La règle de leur conduite paraît avoir été la parole du vénérable M. de Rocher, disant à sa fille Marie-Anne : «Ma fille, il vous est facile de vous cacher, mais auparavant examinez devant Dieu si vous ne vous écartez pas de ses desseins adorables sur vous, dans le cas qu'il vous ait destinée pour être une des victimes qui doivent apaiser sa colère».

Les victimes innocentes et propitiatoires devaient demeurer quelques jours encore à Bollène. Elles y furent rejointes par Marie-Anne Béguin-Royal, une humble converse du couvent des Sacramentines, qui étant absente de Bollène lors de l'arrestation de ses compagnes, vint spontanément les rejoindre, pour s'acheminer avec elles vers la gloire du martyre.

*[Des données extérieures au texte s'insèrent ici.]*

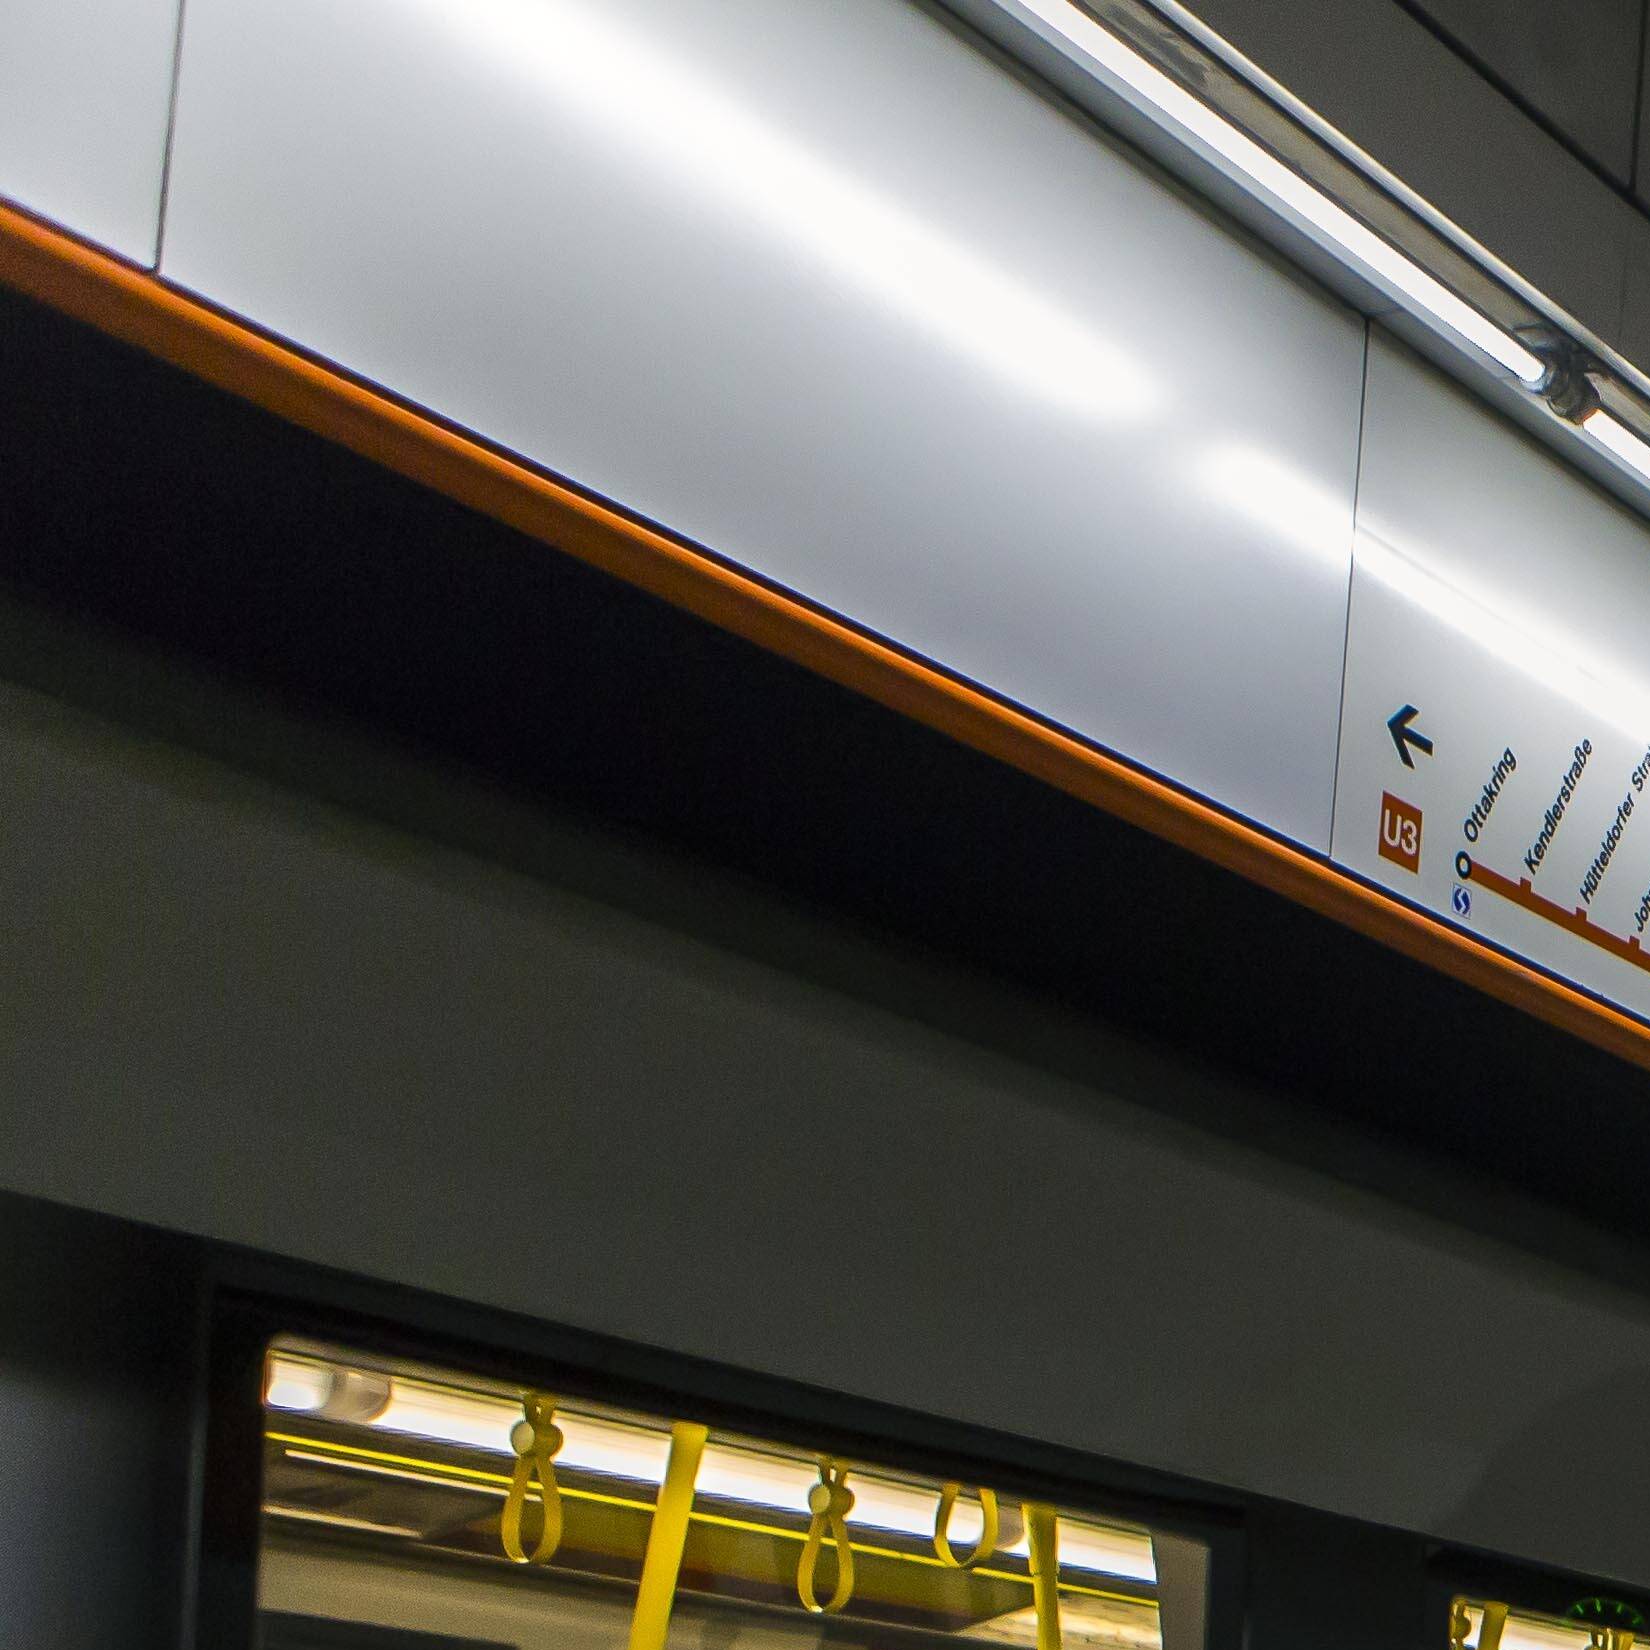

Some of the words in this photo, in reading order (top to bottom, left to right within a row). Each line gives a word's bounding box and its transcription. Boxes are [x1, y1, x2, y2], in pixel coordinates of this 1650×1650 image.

[1383, 808, 1418, 856] U3
[1463, 746, 1518, 842] Ottakring
[1524, 738, 1592, 875] Kendlerstraße
[1579, 792, 1635, 904] Hütteldorfer

Le 1er mai, le Comité de surveillance donne l'ordre à toutes les religieuses arrêtées de se tenir prêtes à partir le lendemain à 6 heures du matin pour Orange. Le même Comité réquisitionnait en même temps, auprès de la municipalité, les voitures nécessaires. Ce que dût être cette dernière nuit, pour les saintes filles déjà vouées à la mort, on le devine aisément : nuit de prières et d'action de grâces, sans doute, mais nuit d'angoisses et de déchirements aussi ; nuit de combat entre la nature, la jeunesse, l'amour de la vie toute immolée qu'elle fût, d'un côté, et l'appel de l'Époux céleste, l'envie sainte du martyre, de l'autre.

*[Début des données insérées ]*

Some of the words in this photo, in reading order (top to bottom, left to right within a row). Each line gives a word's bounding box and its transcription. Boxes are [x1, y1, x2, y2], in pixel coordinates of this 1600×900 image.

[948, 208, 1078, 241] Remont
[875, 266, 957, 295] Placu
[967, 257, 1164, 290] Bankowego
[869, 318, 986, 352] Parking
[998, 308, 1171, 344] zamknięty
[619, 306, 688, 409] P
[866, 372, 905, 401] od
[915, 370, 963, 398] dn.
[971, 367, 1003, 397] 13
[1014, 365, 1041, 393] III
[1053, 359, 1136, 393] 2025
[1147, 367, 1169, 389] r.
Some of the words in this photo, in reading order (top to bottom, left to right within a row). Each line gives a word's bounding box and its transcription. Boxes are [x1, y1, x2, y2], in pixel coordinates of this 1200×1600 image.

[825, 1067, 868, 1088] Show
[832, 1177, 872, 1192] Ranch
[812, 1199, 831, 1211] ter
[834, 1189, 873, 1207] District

À l'aube, le combat était fini. Une sainte joie mettait sur chaque visage son reflet, et c'est en souriant qu'elles montèrent sur les charrettes, pour prendre, escortées de gendarmes, la route d'Orange. Elles étaient vingt-neuf : quinze ursulines, douze sacramentines et deux cicerstiennes. Sept demeurèrent à Bollène, malades. Sur le certificat délivré par les officiers de santé, constatant qu'elles ne sont pas en état d'être transportées, le Comité «les maintient en arrestation dans leurs maisons, si mieux elles n'aiment se faire transporter dans les communes où elles ont pris naissance». Parmi ces malades, une devait donner sa vie pour Jésus-Christ, la bienheureuse Marguerite Bonnet. Les autres, emprisonnées comme leurs compagnes, furent délivrées par la chute de Robespierre au 9 thermidor. Mais aucune de ces dernières ne voulut profiter de l'occasion qui s'offrait, et fuir le martyre. Elles devaient, échappées providentiellement à la mort, et revenues dans leurs familles, faire l'édification de tous, et fournir, avec le regret de n'y avoir pas été associées, les premiers témoignages sur la mort de leurs compagnes.

Les martyres, réparties en cinq charrettes, prirent vers 6 heures du matin la route d'Orange.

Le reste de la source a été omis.